⟨

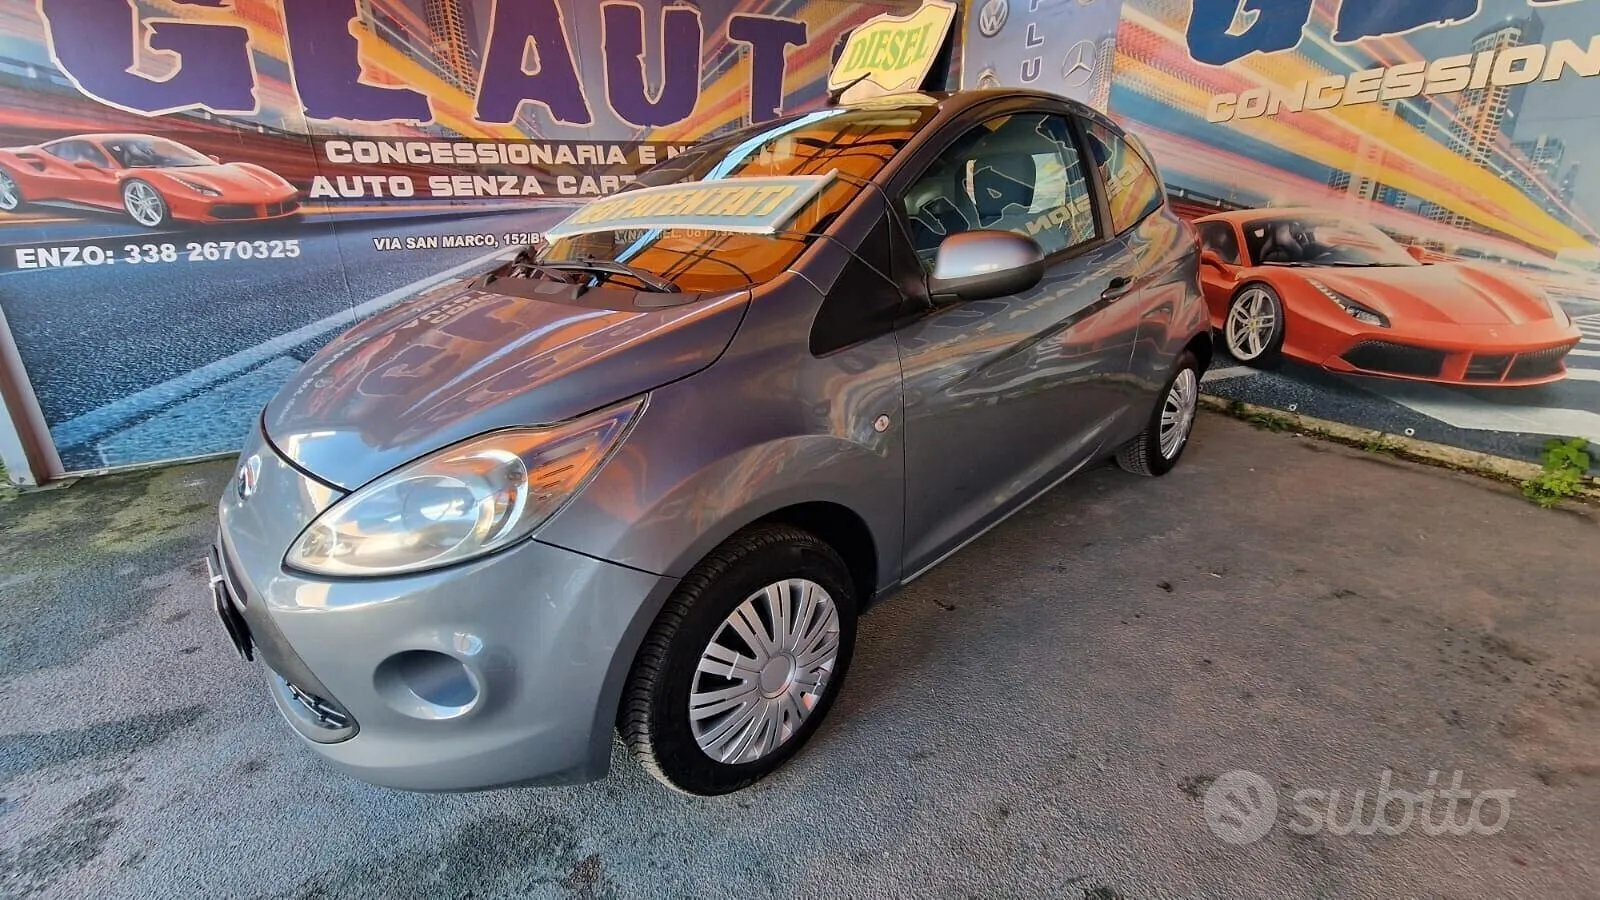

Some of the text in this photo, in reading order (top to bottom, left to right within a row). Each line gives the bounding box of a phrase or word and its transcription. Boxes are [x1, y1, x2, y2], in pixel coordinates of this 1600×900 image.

[843, 22, 933, 73] DIESEL
[325, 140, 628, 165] CONCESSIONARIA
[638, 145, 657, 165] E
[310, 174, 415, 199] AUTO
[429, 174, 545, 197] SENZA
[15, 239, 300, 269] ENZO: 338 2670325
[374, 237, 402, 251] VIA
[406, 236, 438, 250] SAN
[442, 234, 499, 249] MARCO,
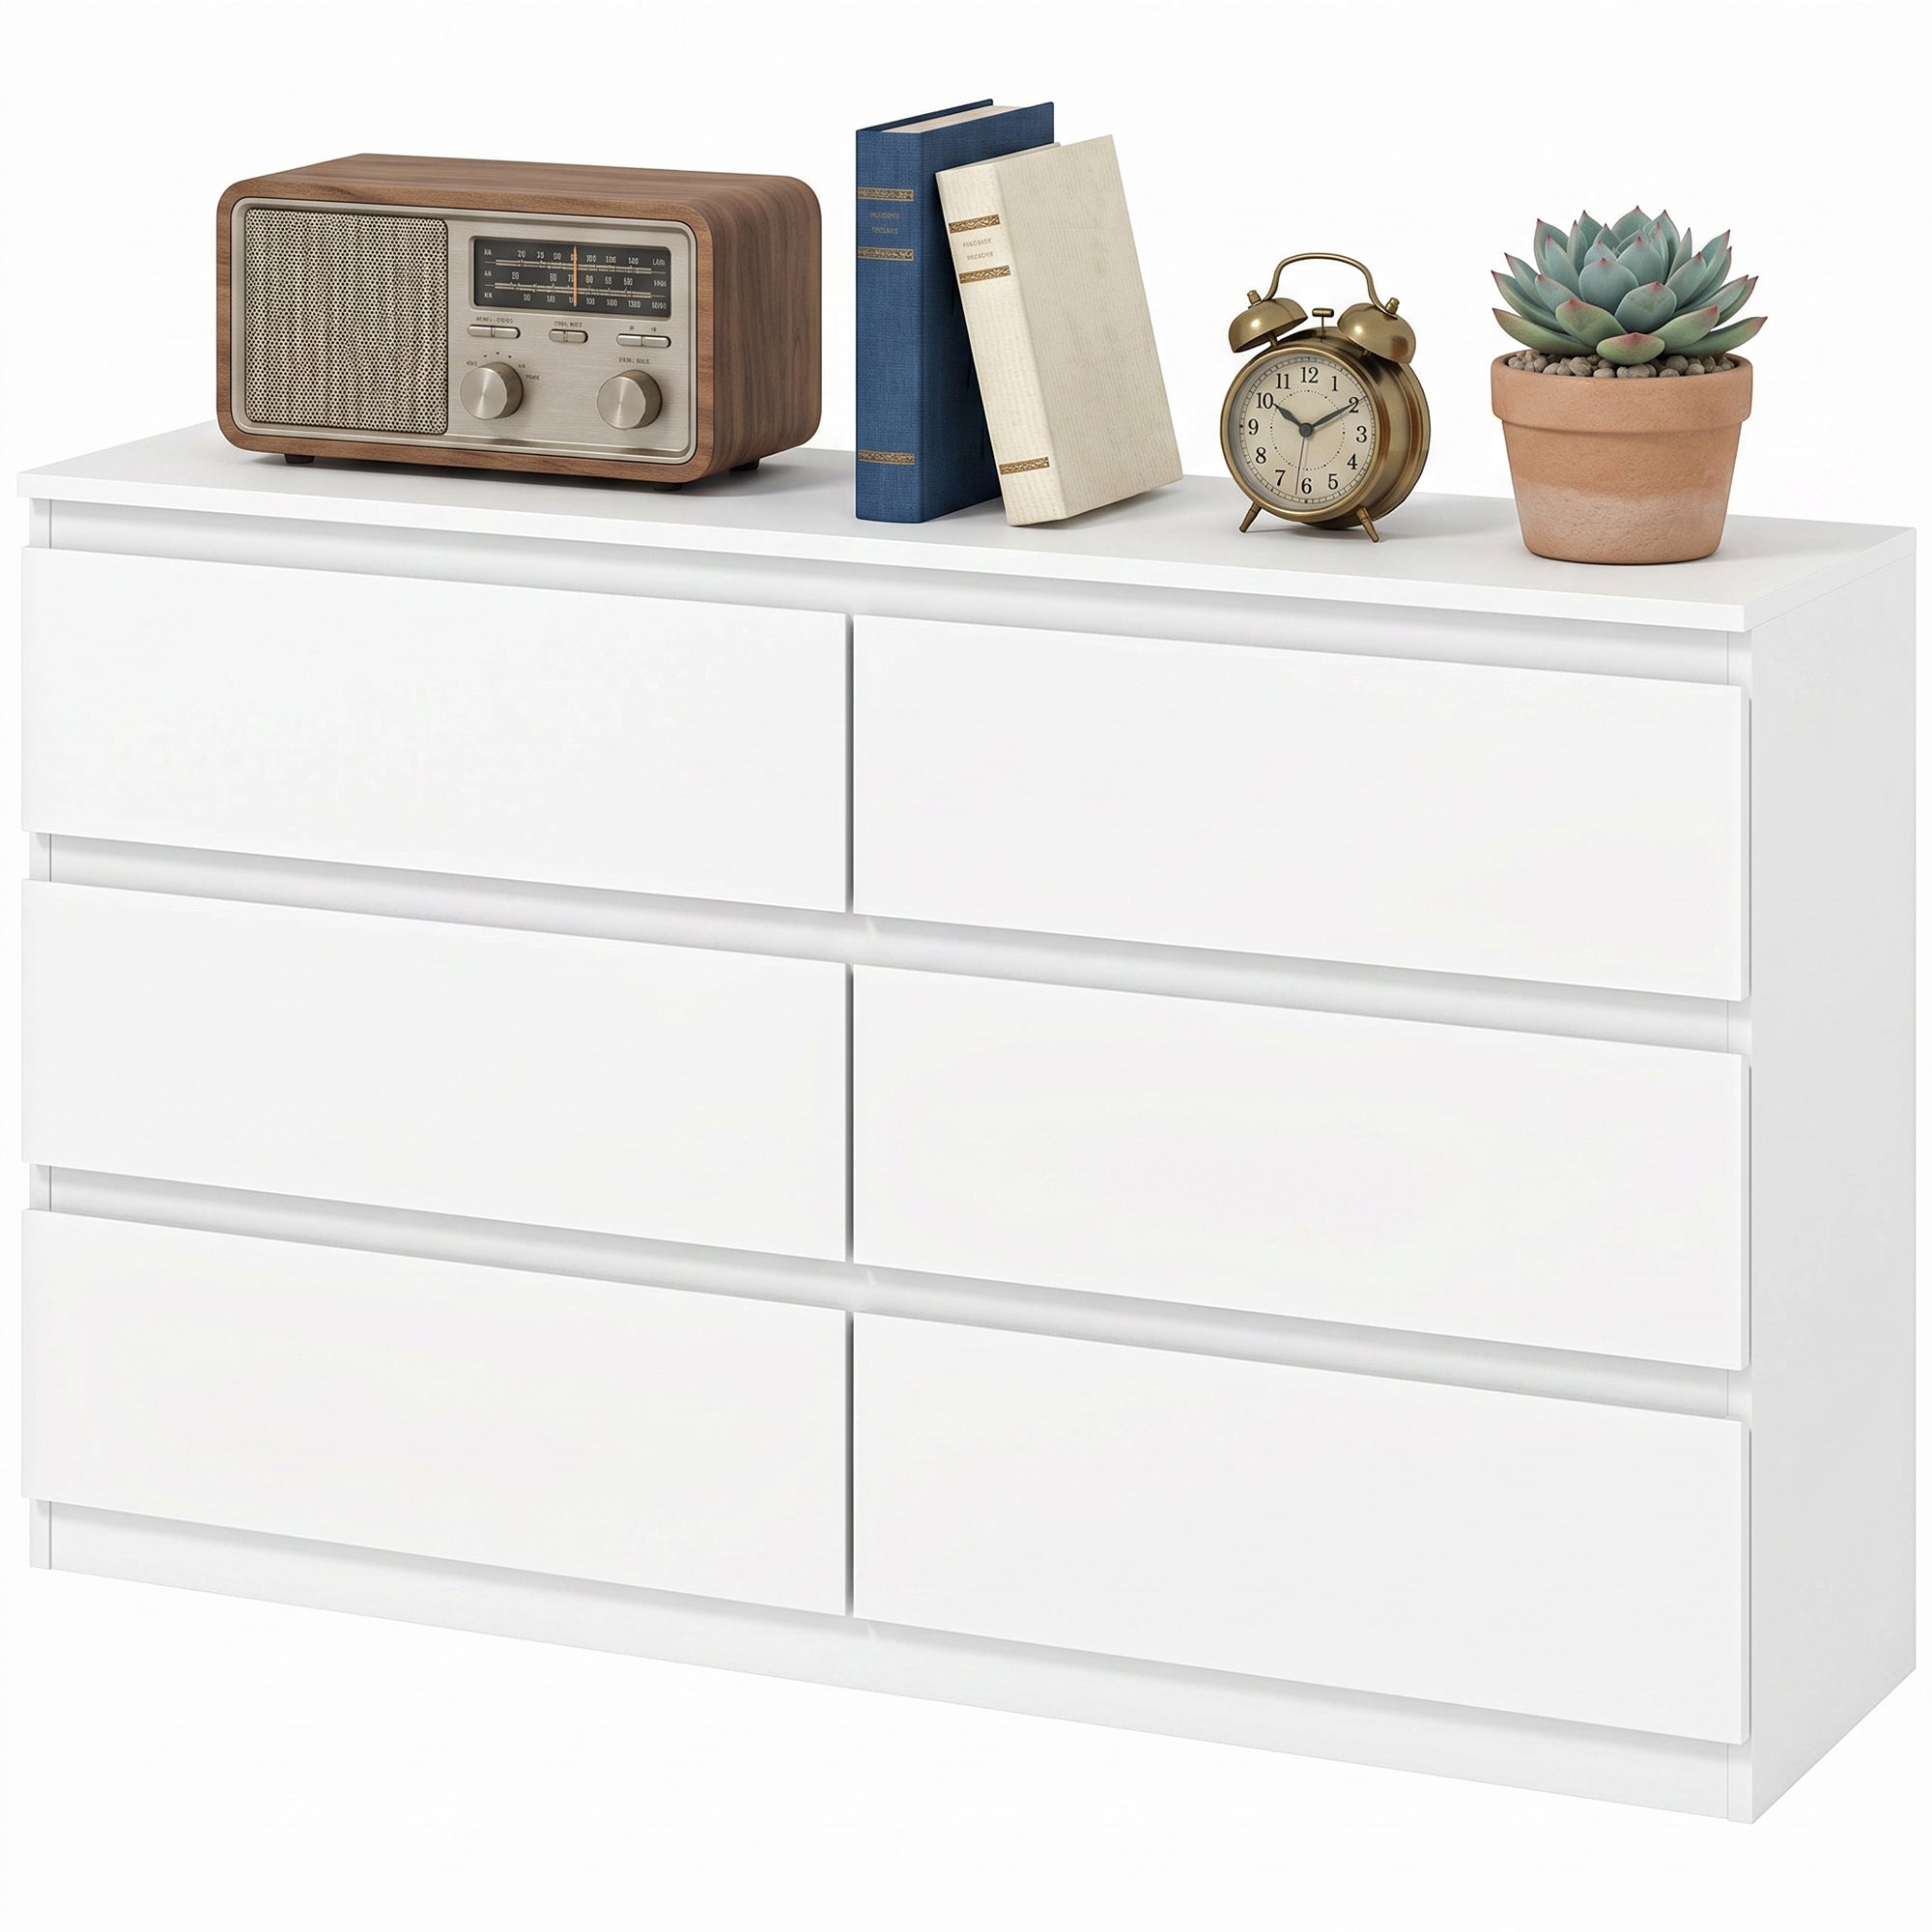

⟩

Leaving the pictures aside, output each entry above exactly as written.

Some of the text in this photo, in reading order (top to bottom, left to right within a row). Each line gives the bounding box of a phrase or word and its transcription. Boxes are [x1, y1, x2, y2], in pixel coordinates of this 1600×900 image.

[843, 22, 933, 73] DIESEL
[325, 140, 628, 165] CONCESSIONARIA
[638, 145, 657, 165] E
[310, 174, 415, 199] AUTO
[429, 174, 545, 197] SENZA
[15, 239, 300, 269] ENZO: 338 2670325
[374, 237, 402, 251] VIA
[406, 236, 438, 250] SAN
[442, 234, 499, 249] MARCO,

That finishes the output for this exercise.